• What is required:
Copy out every record below exactly as written, but leave out any pictures.

• Entries supplied:
◇ ◇ ◇ ◇
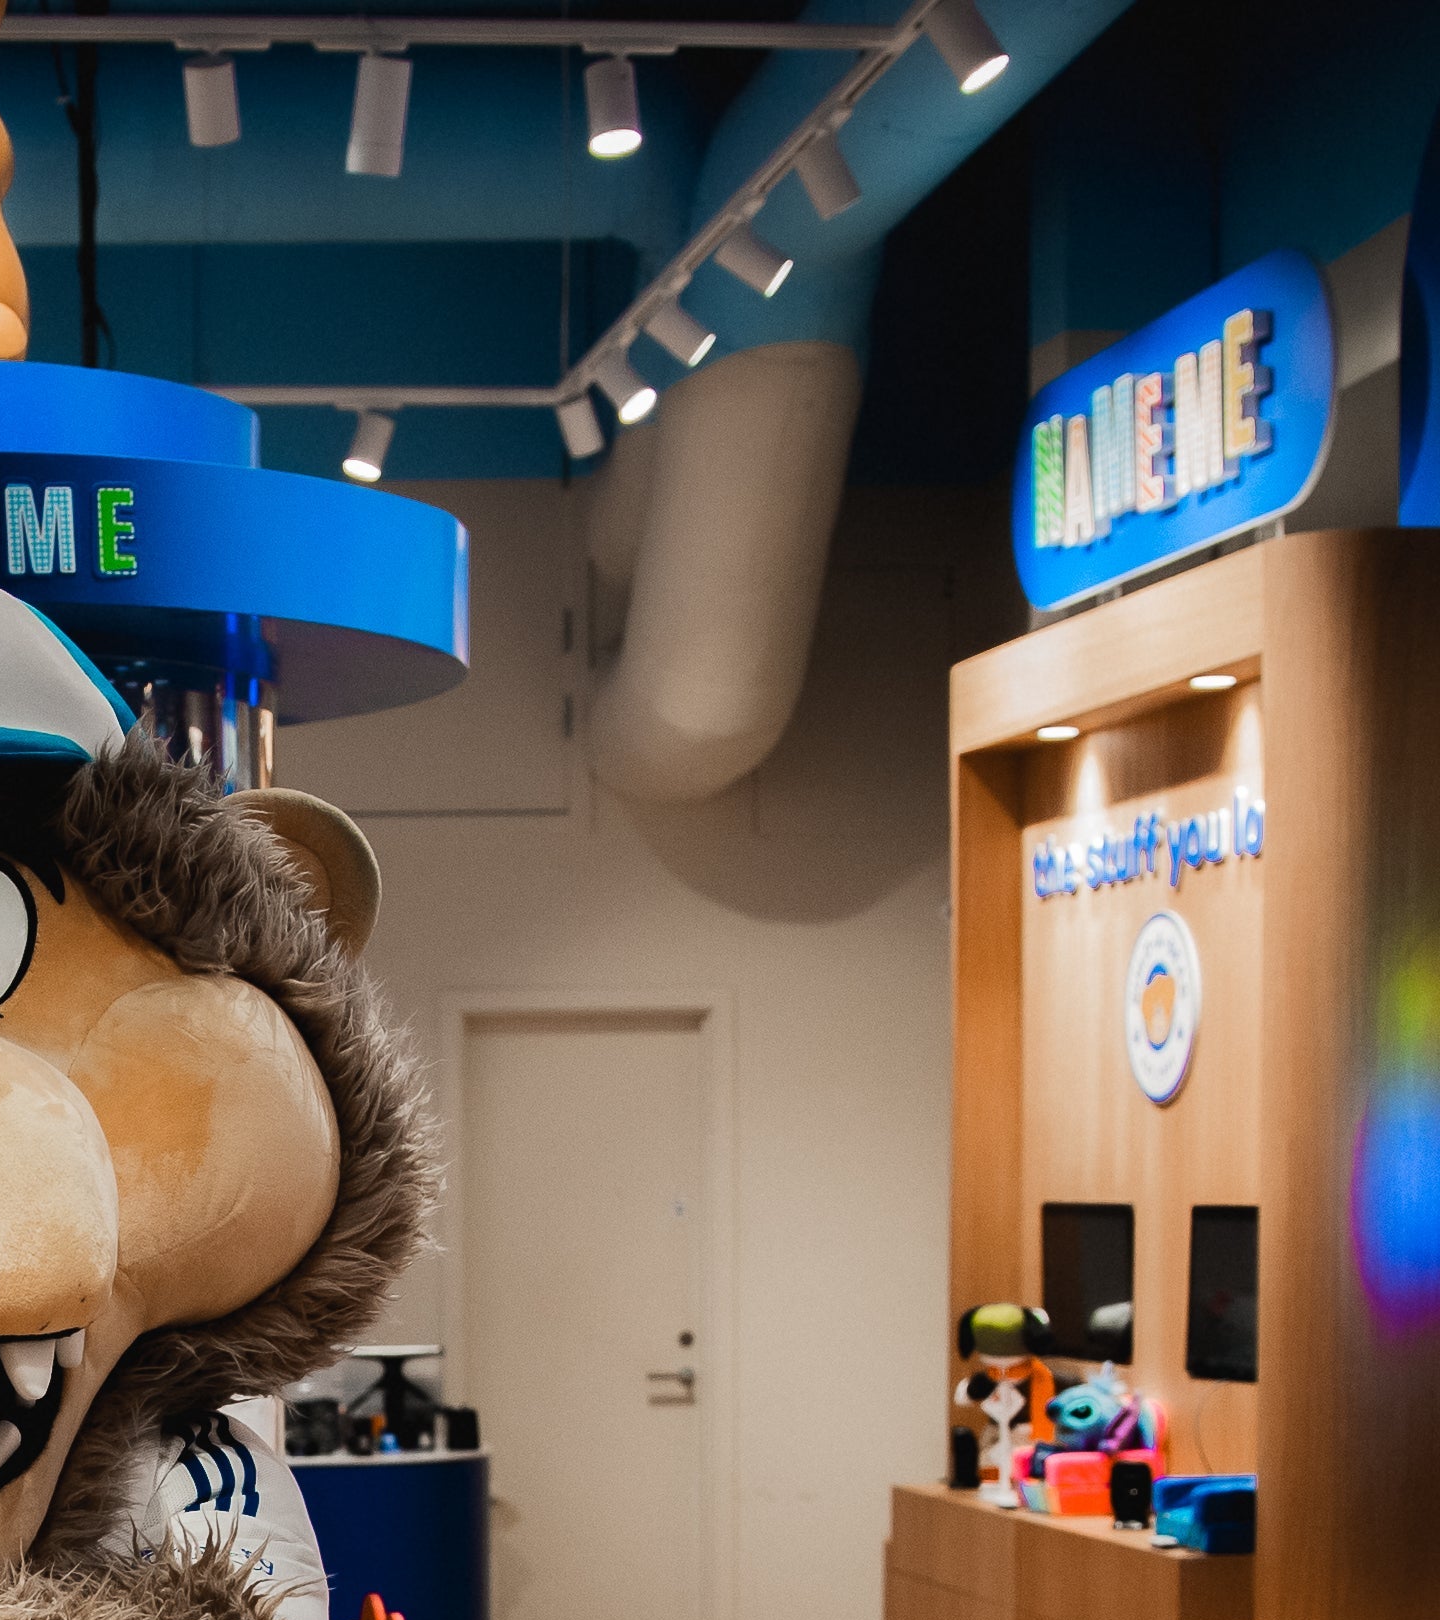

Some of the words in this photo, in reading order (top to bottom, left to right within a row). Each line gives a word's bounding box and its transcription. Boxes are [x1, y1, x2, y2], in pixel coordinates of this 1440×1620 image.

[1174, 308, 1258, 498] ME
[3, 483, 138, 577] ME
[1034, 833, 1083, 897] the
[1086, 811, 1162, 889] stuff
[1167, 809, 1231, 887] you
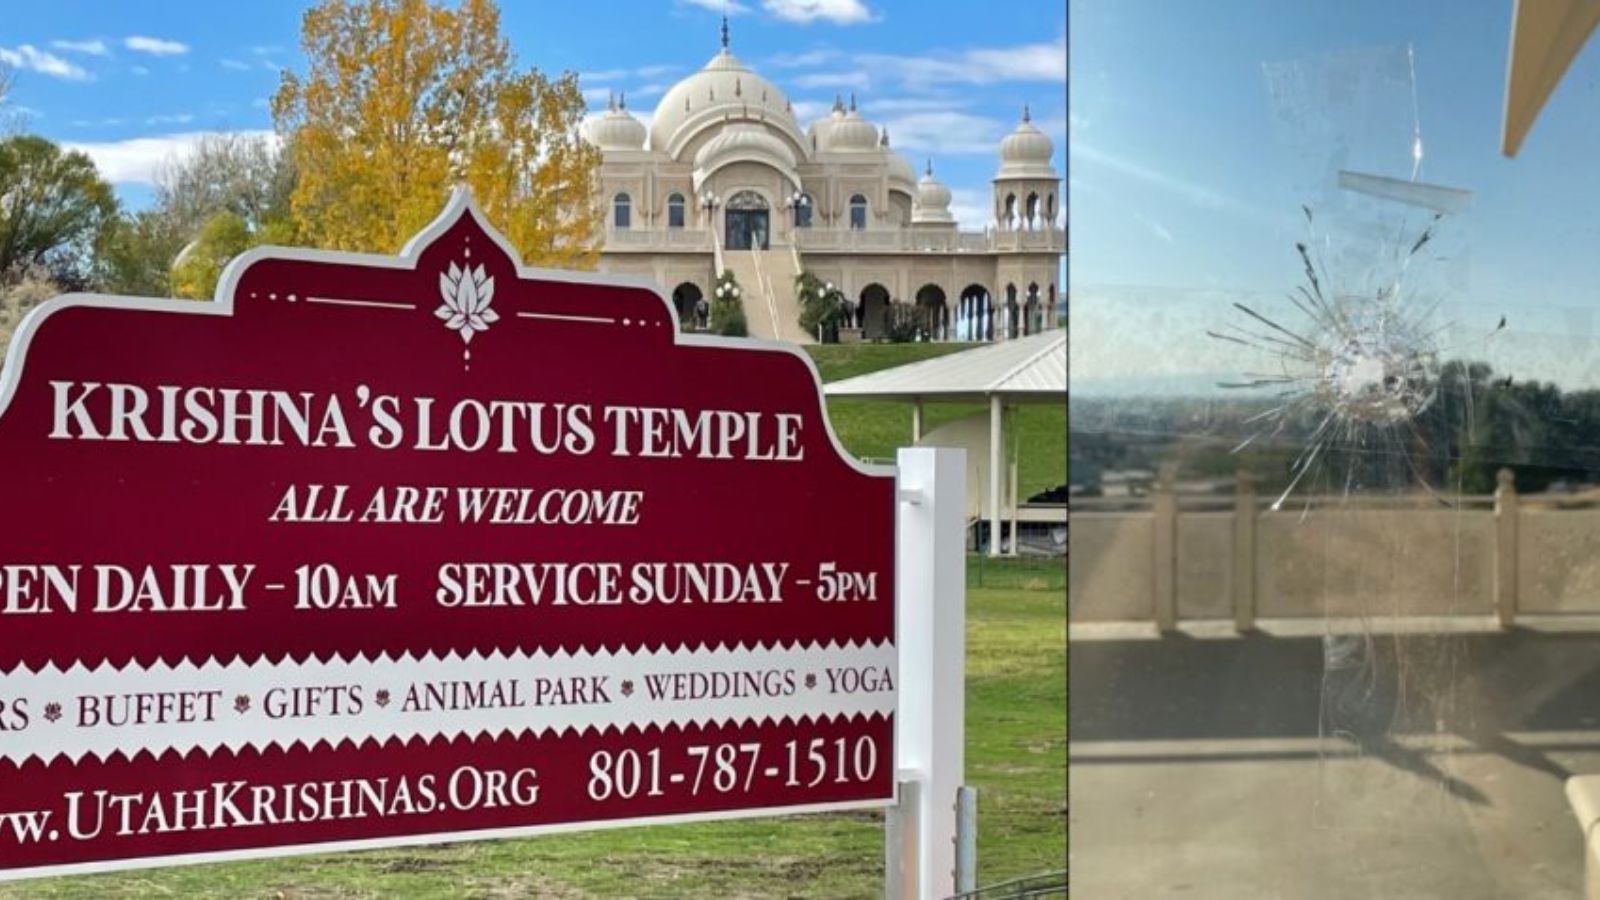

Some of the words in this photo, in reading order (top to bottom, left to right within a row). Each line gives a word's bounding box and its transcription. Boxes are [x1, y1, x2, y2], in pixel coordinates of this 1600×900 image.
◇ ◇ ◇ ◇
• Result:
Some of the words in this photo, in reading order (top to bottom, left to right within a row). Each line gives a word's bounding box and its transcription. Boxes are [x1, y1, x2, y2], in pixel coordinates of this 1440×1620 image.

[1174, 308, 1258, 498] ME
[3, 483, 138, 577] ME
[1034, 833, 1083, 897] the
[1086, 811, 1162, 889] stuff
[1167, 809, 1231, 887] you

Some of the words in this photo, in reading order (top to bottom, left to right within a row). Each line gives a word's bounding box and its transcription. Boxes are [x1, y1, x2, y2], in pixel coordinates of this 1600×900 image.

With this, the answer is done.